多分、この子も、色々抱えているんだろうな。
私の想像以上に、重圧だとか、期待だとか、そんなのがあるのかもしれない。
「眞鍋さん、周囲の目が変わるかどうかは、あなたの心構え次第です。私もサポートしますので、頑張りましょう」
寄り添う言葉を述べれば、彼女の目付きが少しだけ色を変えた。
「…見返したいんだよね」
「どなたを?」
「同期の常葉樹。あの男を見返したいの」
まさかその名を聞くとは思わず、一瞬にして喉が詰まる。
「な、なぜ……」
「どうしても」
唇を結び、ニコリともしない真鍋さんを見れば何か強い気持ちがある事は見て取れる。
だから私は、「分かりました」と、何とか頷いてみせた。
……どういう繋がりかな。
見返したいということは、昔、付き合ってたのかな?
眞鍋さん自身、やる気がない感じだと思ったのは最初だけで、多分、向上心のある素直な子だ。

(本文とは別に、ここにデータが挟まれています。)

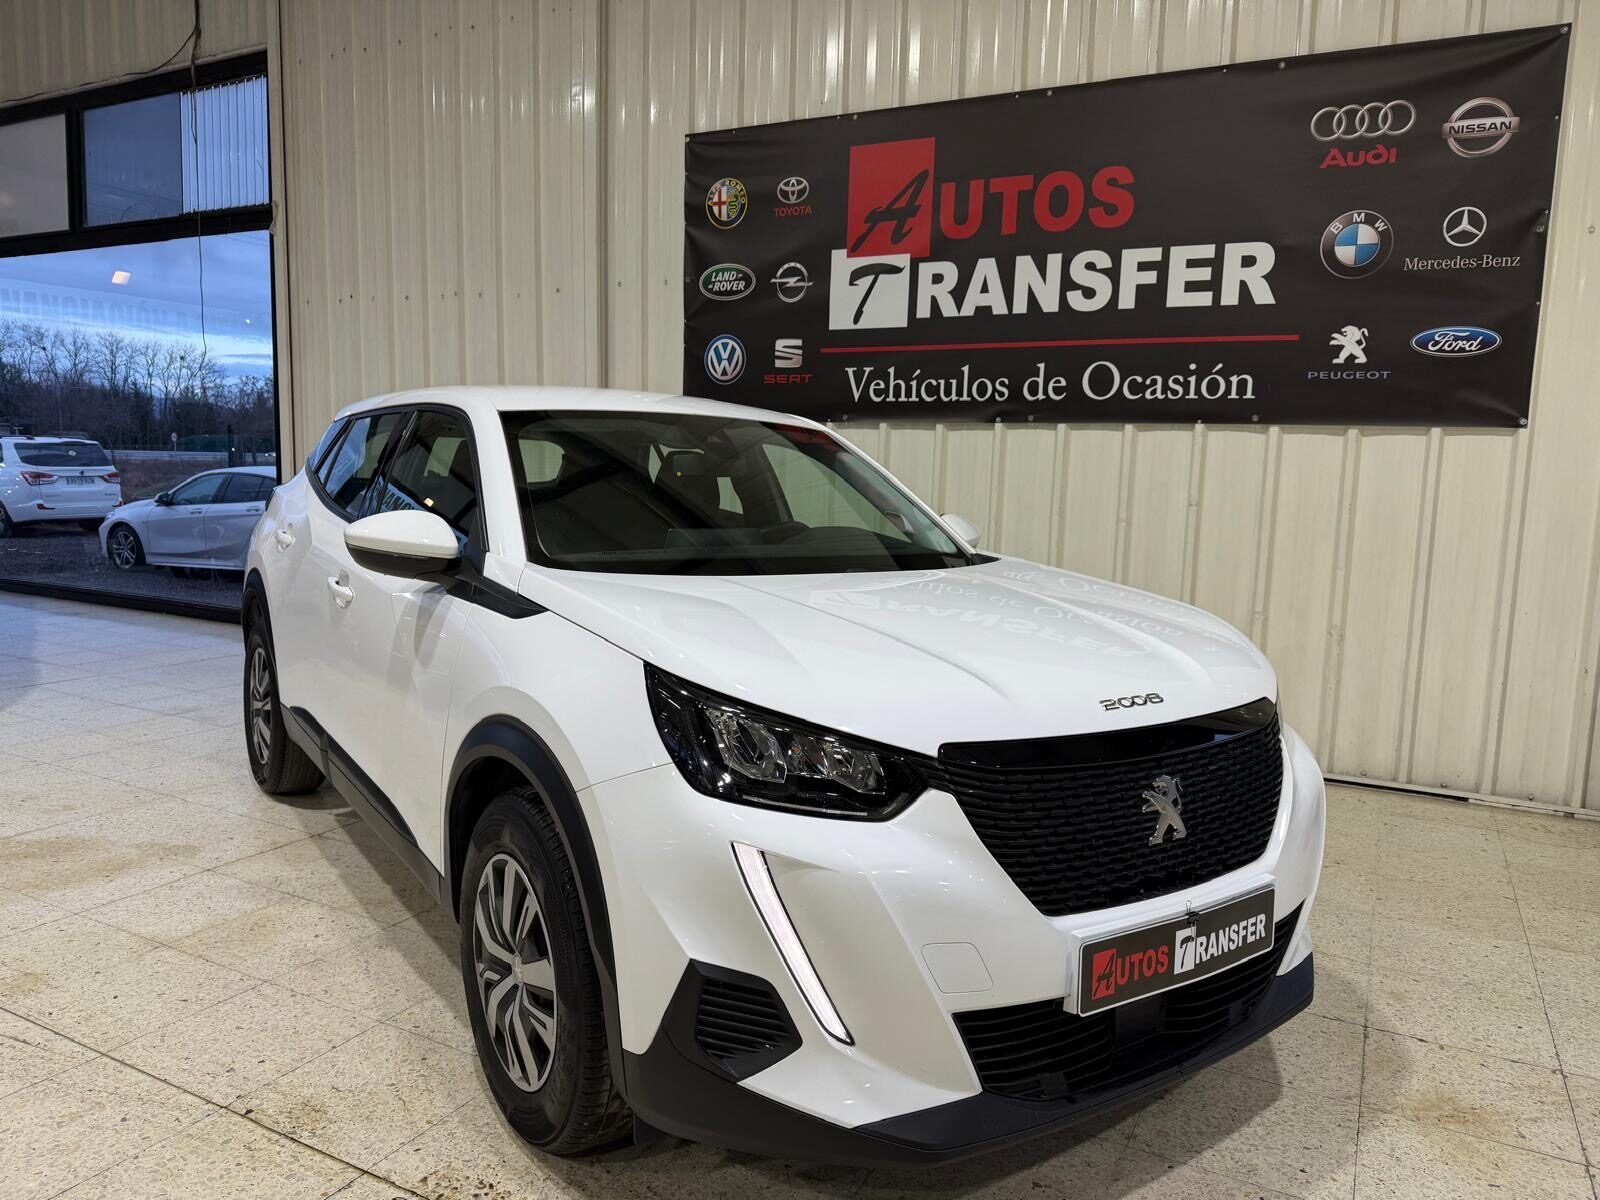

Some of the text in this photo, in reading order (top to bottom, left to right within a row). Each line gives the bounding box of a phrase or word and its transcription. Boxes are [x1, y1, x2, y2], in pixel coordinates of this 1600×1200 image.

短大卒でまだ若いし、顔立ちも可愛らしいし、常葉くんとも……
二人の姿を脳裏に映せば胸が嫌な音を鳴らした。それをかき消す様に、口を開く。
「頑張りましょう」
と、お腹から出した声は少しだけ震えた。
それからというもの、本業と並行して眞鍋さんの指導をする日々が続いた。
担当としては営業担当だし、部長も眞鍋さんのバックに付く社長の影を気にしてか事務の仕事はセーブしてくれている。
「大里さんとは一度、営業に行った方がいいですよ」
「でもあの人歩くの早いし」
「では早歩きで行きましょう」
口をすぼめて、「わかりましたぁ」と、あからさまに不貞腐れる眞鍋さんに「今度、聞きますからね」と、念を押し営業課のオフィスを後にする。
やって来たエレベーターで束の間の小休止。……となるはずが、既に乗り込んでいた人のお陰で気は休まらなかった。
「ちゃんと寝てんの?」
人の気も知らない彼は、特有の癖のある声で尋ねてくるので、胸の前で書類をぎゅっと握り締める。
「はい、人並みに」
「また遅い時間まで調べ物でもしてるんだろ」
「まぁ、そんなところです。でも好きでしていることなので」
「あんま、無理すんなよ」
なんだよそれ。急に優しくして、簡単に落ちると思っているのか。
「……ありがとうございます」
……諦めないとか、財布にしないとか、結局口先だけでその手に乗ったらすぐに手のひら返すのでしょう?
残念だったな、常葉くんに散々御教授頂いたから簡単には乗らないもんね。